Exactly and only the lines from the one with "Some of the words" through the end of the listing are to be transcribed, both ends included.

Provided data =>
-- Opening Marker --

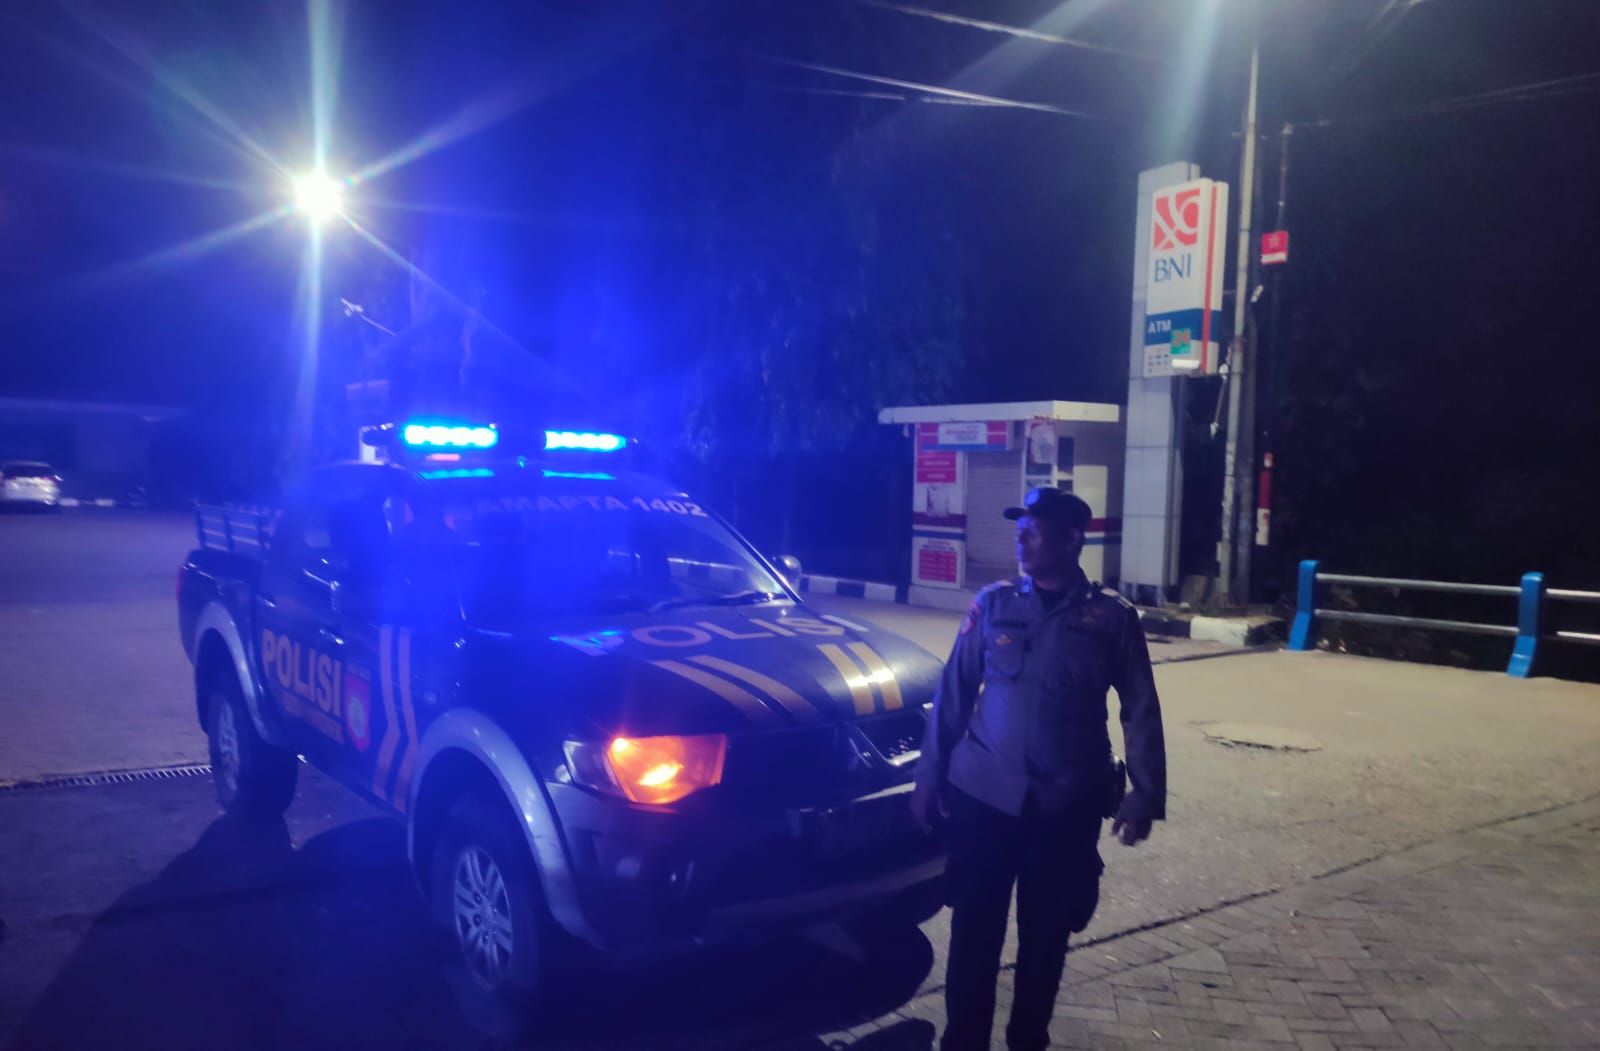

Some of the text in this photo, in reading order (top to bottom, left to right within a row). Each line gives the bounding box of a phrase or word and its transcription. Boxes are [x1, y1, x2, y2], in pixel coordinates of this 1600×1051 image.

[1153, 254, 1191, 283] BNI
[1148, 320, 1172, 334] ATM
[453, 495, 708, 519] AMAPTA 1402
[551, 615, 869, 656] POLISI
[262, 628, 342, 717] POLISI
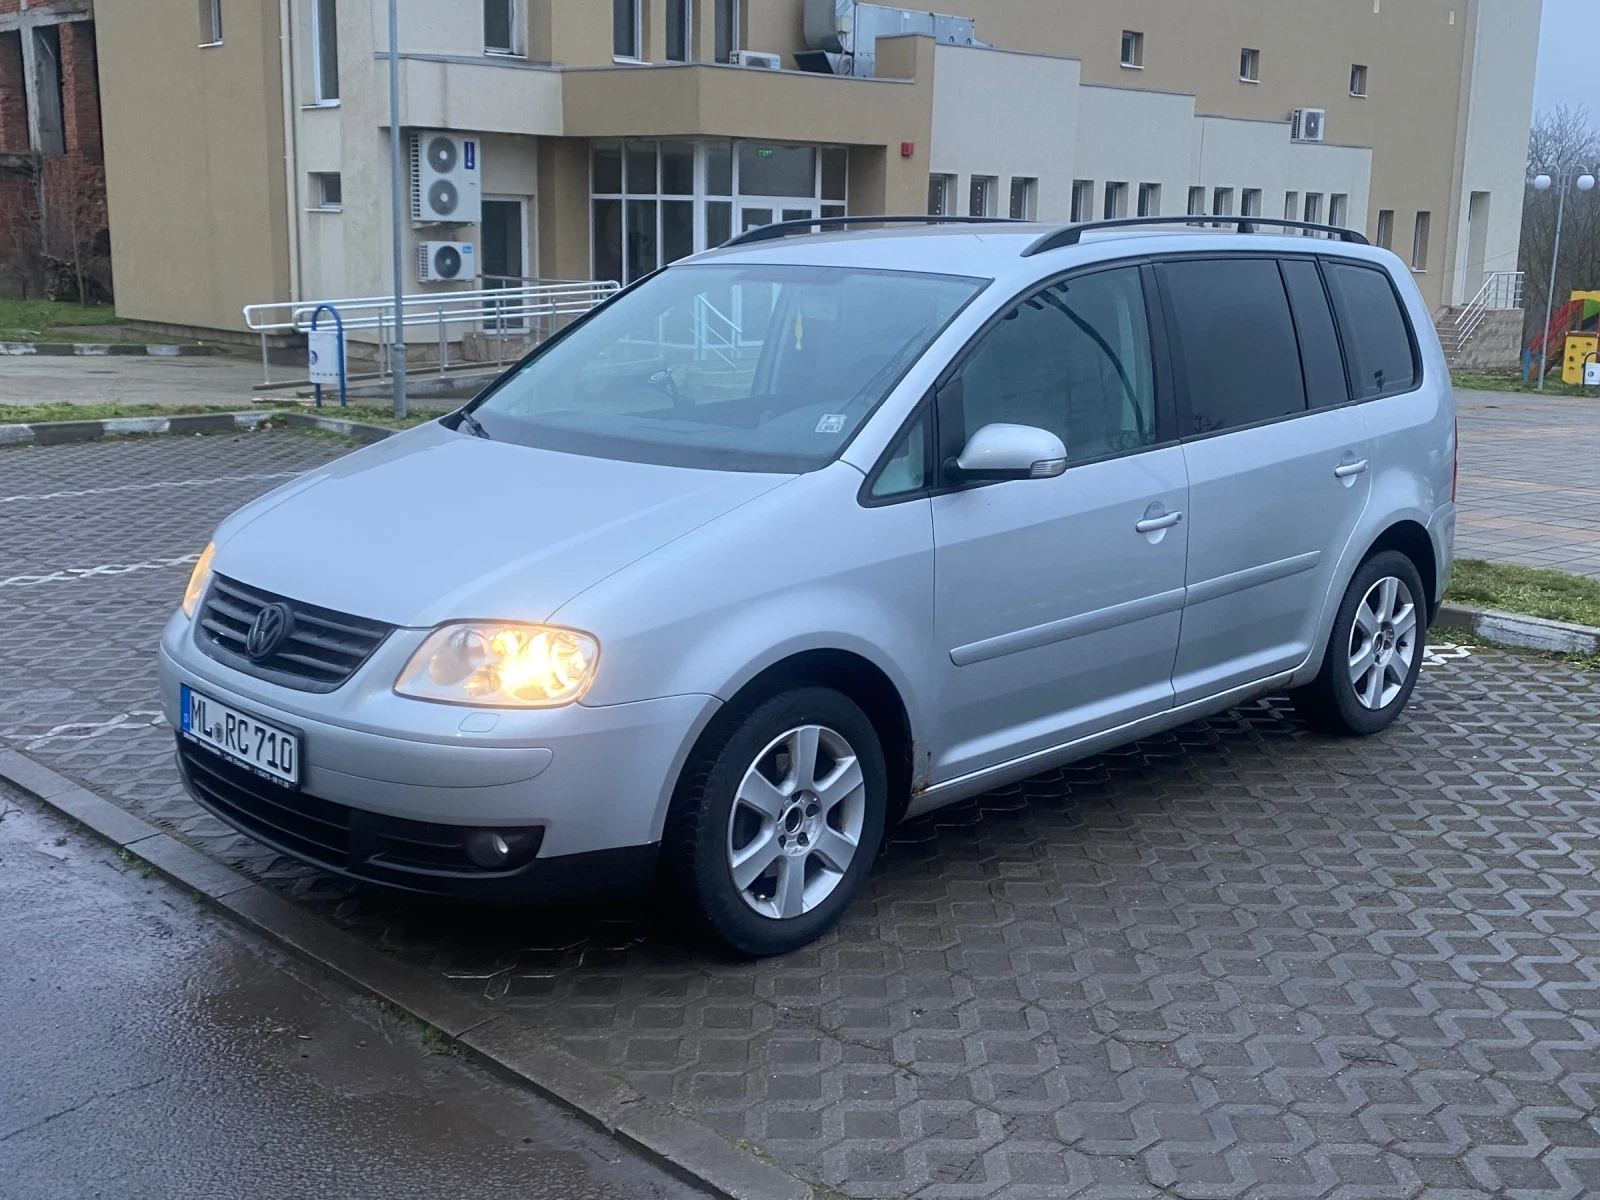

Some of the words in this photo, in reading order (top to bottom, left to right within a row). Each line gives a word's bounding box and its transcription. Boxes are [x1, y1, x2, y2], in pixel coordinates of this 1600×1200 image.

[191, 695, 213, 738] ML
[225, 712, 249, 755] RC
[254, 725, 293, 774] 710

-- Closing Marker --

Answer space =>
Some of the words in this photo, in reading order (top to bottom, left to right within a row). Each line gives a word's bounding box and its transcription. Boxes are [x1, y1, x2, y2], in pixel coordinates of this 1600×1200 image.

[191, 695, 213, 738] ML
[225, 712, 249, 755] RC
[254, 725, 293, 774] 710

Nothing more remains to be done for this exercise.